In case anyone is curious as to how this compares to the other solutions, here is a comparison.
library(microbenchmark)
library(purrr)
set.seed(42) # For reproducibility purposes
# Comparison with given data
order.matrix <- matrix(c("Anger", "Happy", "Sad", "Happy", "Sad","Anger", "Sad", "Anger", "Happy"),
ncol=3,
byrow=TRUE)
df.responses <- matrix(c(1, 2, 3, 3, 2, 0, 9, 2, 1),
ncol=3,
byrow=TRUE)
colnames(df.responses) <- c("Anger", "Happy", "Sad")
solForLoop <- function(order, responses) {
df.result <- responses
colnames(df.result) <- paste0("V", 1:ncol(responses))
for (i in 1:nrow(order)) {
df.result[i,] <- responses[i,order[i,]]
}
df.result
}
solmApply <- function(order, responses) {
t(mapply(FUN = function(x, y) x[y],
as.data.frame(t(responses)),
as.data.frame(t(order)),
USE.NAMES = F
))
}
solPurrr <- function(order, responses) {
df.result <- map2(.x = lapply(seq_len(nrow(responses)), function(i) responses[i,]),
.y = lapply(seq_len(nrow(order)), function(i) order[i,]),
.f = ~ .x[.y])
do.call("rbind", df.result)
}
microbenchmark::microbenchmark(
solForLoop(order.matrix, df.responses),
solmApply(order.matrix, df.responses),
solPurrr(order.matrix, df.responses),
times = 1000L,
check = "equivalent"
)
# Unit: microseconds
# expr min lq mean median uq max neval
# solForLoop(order.matrix, df.responses) 8.601 11.101 15.03331 15.9010 17.3020 62.002 1000
# solmApply(order.matrix, df.responses) 313.801 346.701 380.32261 357.7510 374.2010 14322.900 1000
# solPurrr(order.matrix, df.responses) 49.900 61.301 70.68950 70.7015 75.8015 190.700 1000
Given that the data is from a questionnaire, I will assume that every value in an order.matrix
row can occur only once.
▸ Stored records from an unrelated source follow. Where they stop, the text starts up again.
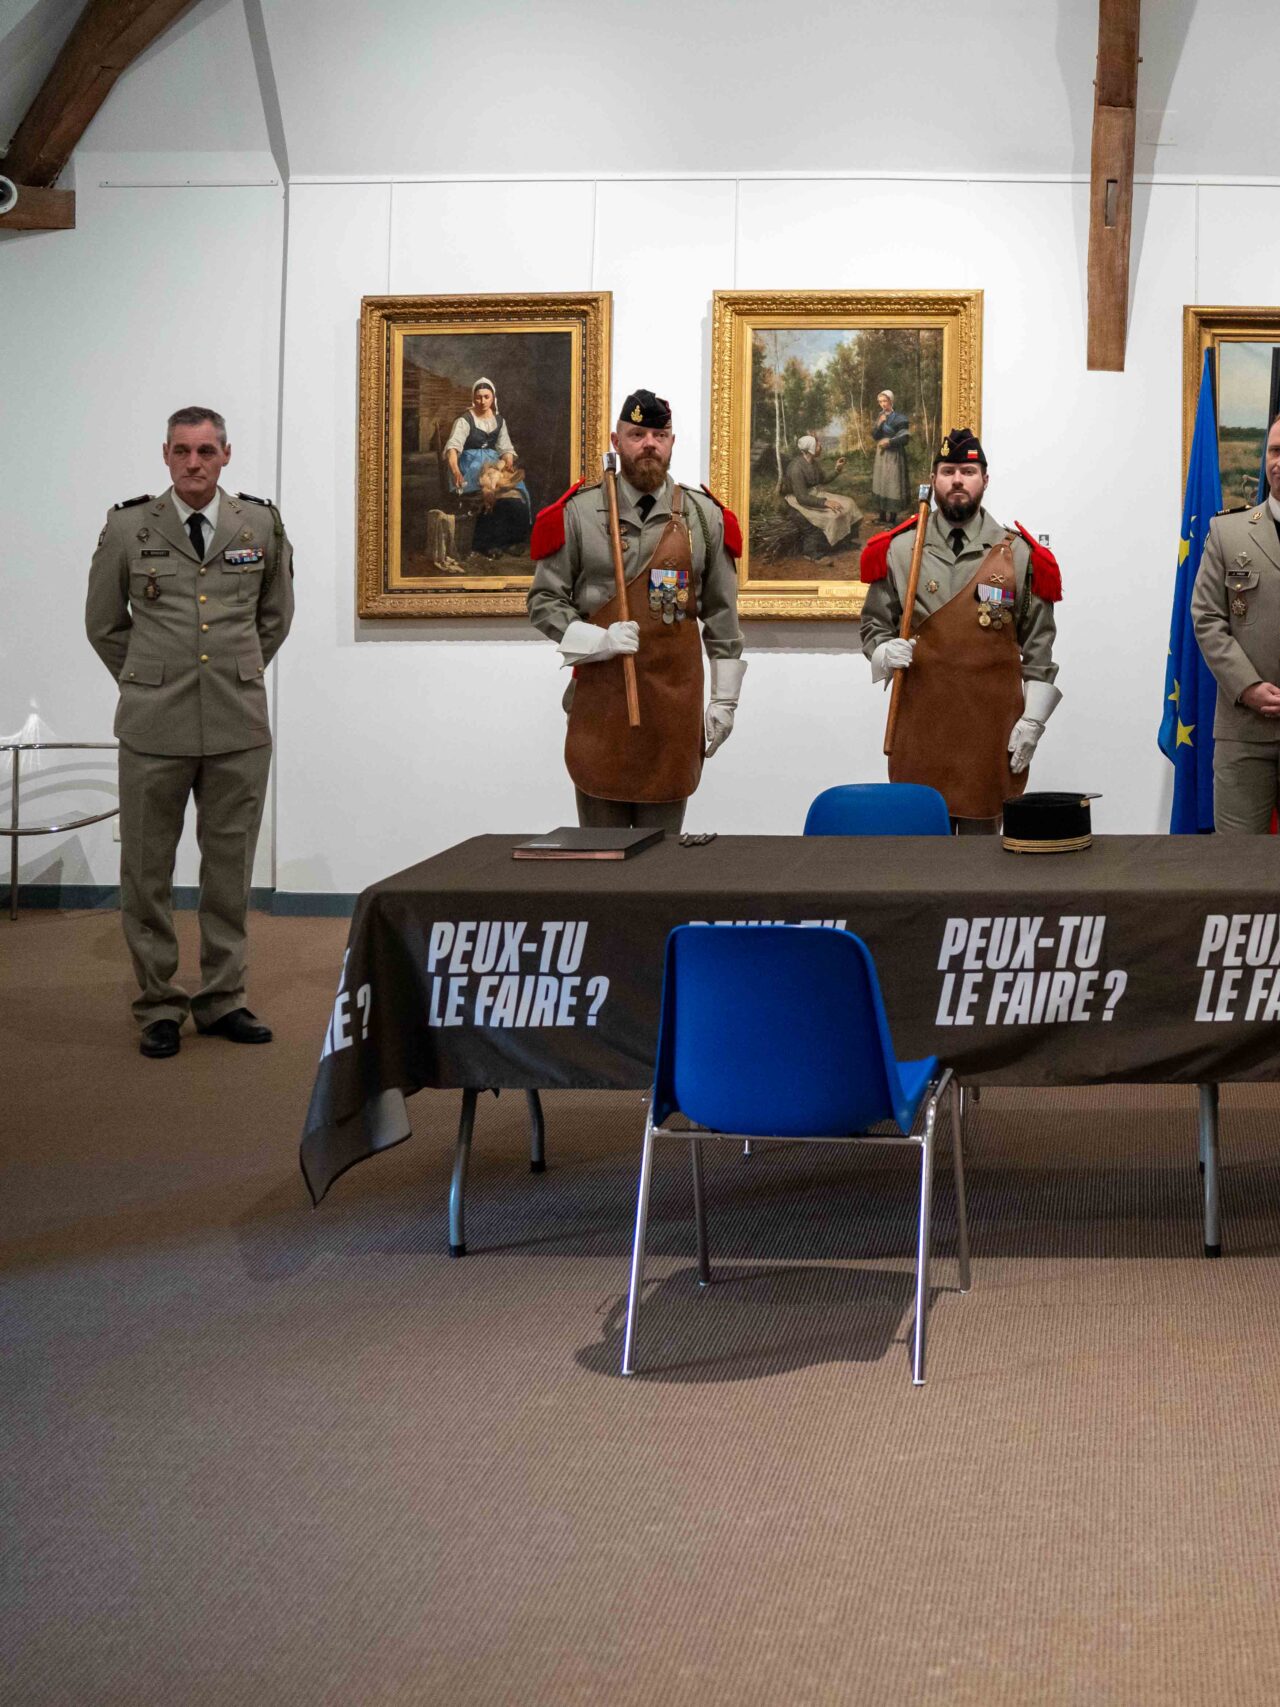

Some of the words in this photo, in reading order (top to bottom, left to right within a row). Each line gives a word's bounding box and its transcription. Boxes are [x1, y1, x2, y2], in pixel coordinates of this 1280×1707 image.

[428, 922, 588, 973] PEUX-TU
[937, 916, 1106, 970] PEUX-TU
[429, 976, 468, 1026] LE
[474, 976, 581, 1027] FAIRE
[936, 972, 983, 1025] LE
[986, 971, 1099, 1025] FAIRE
[1195, 969, 1242, 1022] LE
For a matrix with the same 3 columns but 100 000 rows, we find that
# Comparison for big data
order.matrix.big <- as.matrix(sample_n(as.data.frame(order.matrix), 100000, replace = TRUE))
df.responses.big <- as.matrix(sample_n(as.data.frame(df.responses), 100000, replace = TRUE))
microbenchmark::microbenchmark(
solForLoop(order.matrix.big, df.responses.big),
solmApply(order.matrix.big, df.responses.big),
solPurrr(order.matrix.big, df.responses.big),
times = 100L,
check = "equivalent"
)
# Unit: milliseconds
# expr min lq mean median uq max neval
# solForLoop(order.matrix.big, df.responses.big) 110.2585 130.0916 163.3382 142.4249 167.7584 514.7262 100
# solmApply(order.matrix.big, df.responses.big) 4669.8815 4866.6152 5232.1814 5160.2967 5385.5000 6568.1718 100
# solPurrr(order.matrix.big, df.responses.big) 441.6195 502.0853 697.7207 669.4963 871.9122 1218.6721 100
So while map2
provides an interesting way of working for 'looping' over rows, in this case it is not as fast a simple for loop.